НОЧЬ – ПРОЖИТЬ – ЖИЗНЬ – СТРАХ – ЖИТЬ – СПАТЬ – В ГРОБУ
Гробовой сон при жизни мог бы ассоциироваться с лермонтовским:
…Я б хотел забыться и заснуть!
Но не тем холодным сном могилы…
Я б желал навеки так заснуть,
Чтоб в груди дремали жизни силы,
Чтоб, дыша, вздымалась тихо грудь,
Чтоб всю ночь, весь день мой слух лелея,
Про любовь мне сладкий голос пел,
Надо мной чтоб, вечно зеленея,
Темный дуб склонялся и шумел.
Желание уснуть (навеки) – но не умереть; ощущать всегда – «всю ночь, весь день» любовь и жизнь природы.

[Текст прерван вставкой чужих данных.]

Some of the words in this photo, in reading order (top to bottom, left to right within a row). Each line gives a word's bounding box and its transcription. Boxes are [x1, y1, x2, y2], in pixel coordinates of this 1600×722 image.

Ту же тему находим и в тютчевском «Весеннем успокоении»: не умереть – уснуть, слиться с природой:
О, не кладите меня
В землю сырую —
Скройте, заройте меня
В траву густую!
Пускай дыханье ветерка
Шевелит травою,
Свирель поет издалека,
Светло и тихо облака
Плывут надо мною!..
(1832)
И в «Из Микель Анджело»:
Молчи, прошу, не смей меня будить.
О, этот век преступный и постыдный.
Не жить, не чувствовать – удел завидный…
Отрадно спать, отрадней камнем быть.
Однако в случае Мандельштама угроза смерти так явственно ощущается, что поэт просто молит о жизни, оставив традиционные поэтические вздохи о смерти-сне как о завидном уделе.

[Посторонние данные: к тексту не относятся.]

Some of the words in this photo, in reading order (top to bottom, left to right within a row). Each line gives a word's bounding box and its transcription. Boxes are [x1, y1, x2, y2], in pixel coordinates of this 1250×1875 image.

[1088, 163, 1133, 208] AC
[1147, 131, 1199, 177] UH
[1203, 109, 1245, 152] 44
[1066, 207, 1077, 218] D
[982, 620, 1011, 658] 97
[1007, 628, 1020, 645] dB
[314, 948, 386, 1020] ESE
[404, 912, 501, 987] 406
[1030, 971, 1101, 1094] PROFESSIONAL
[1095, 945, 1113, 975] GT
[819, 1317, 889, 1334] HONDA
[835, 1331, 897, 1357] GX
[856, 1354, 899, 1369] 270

Молитва Мандельштама о сохранении жизни заканчивается сравнением существования в Петербурге с гробовым сном. Нет темы жизни вечной, лишь всепоглощающий страх и желание «прожить» (не жить, а «прожить»), пройти сквозь тьму ночи.

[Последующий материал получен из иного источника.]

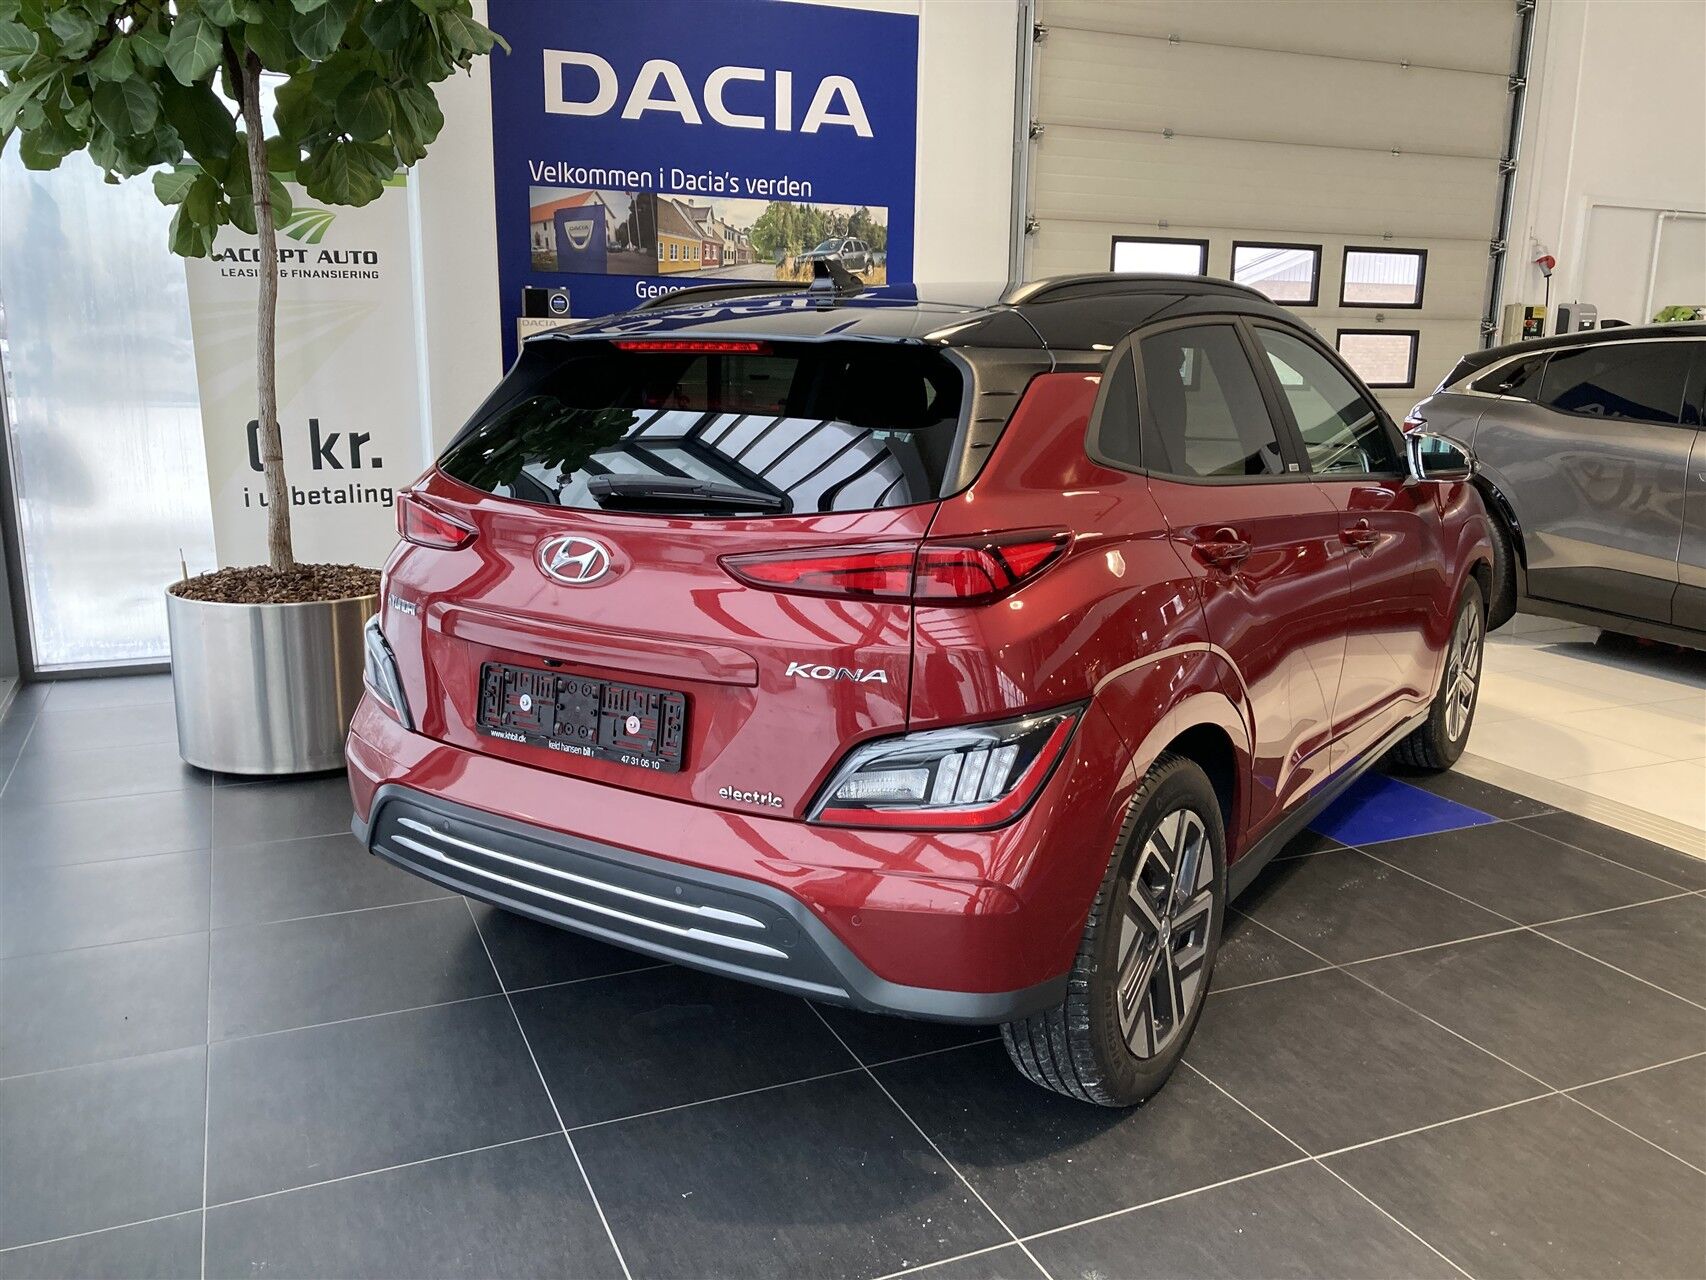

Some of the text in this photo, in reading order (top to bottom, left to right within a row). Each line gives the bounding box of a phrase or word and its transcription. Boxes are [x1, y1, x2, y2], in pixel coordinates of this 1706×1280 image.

[543, 49, 874, 138] DACIA
[529, 160, 812, 198] Velkommen i Dacia's verden
[222, 248, 379, 265] ACCPT AUTO
[221, 268, 379, 279] LEASI & FINANSIERING
[522, 319, 558, 327] DACIA
[309, 418, 383, 470] kr.
[244, 483, 394, 508] i ubetaling
[785, 662, 888, 684] KONA
[561, 743, 582, 755] hansen
[621, 755, 660, 770] 47 31 05 10
[719, 785, 784, 808] electric

Между «Ленинградом» и «Помоги, Господь, эту ночь прожить…» написано еще одно стихотворение, внутренне согласующееся с лермонтовскими строчками «и не жаль мне прошлого ничуть»: «С миром державным я был лишь ребячески связан», но Мандельштаму – напротив – прошлого жаль, прошлое – это то, что связывает поэта с понятием «жизнь». Может быть, поэтому «до сих пор этот город довлеет // Мыслям и чувствам моим по старинному праву». Подлинная жизнь – это то, что было, это детство, воспоминания о котором спасают, прячут в себя. Воспоминания о безопасности. Как в стихотворении «Не говори никому…» сознание цеплялось за «осу, детский чернильный пенал», так и сейчас на вопрос о том, почему «этот город довлеет», – ответ: «Не потому ль, что я видел на детской картинке…»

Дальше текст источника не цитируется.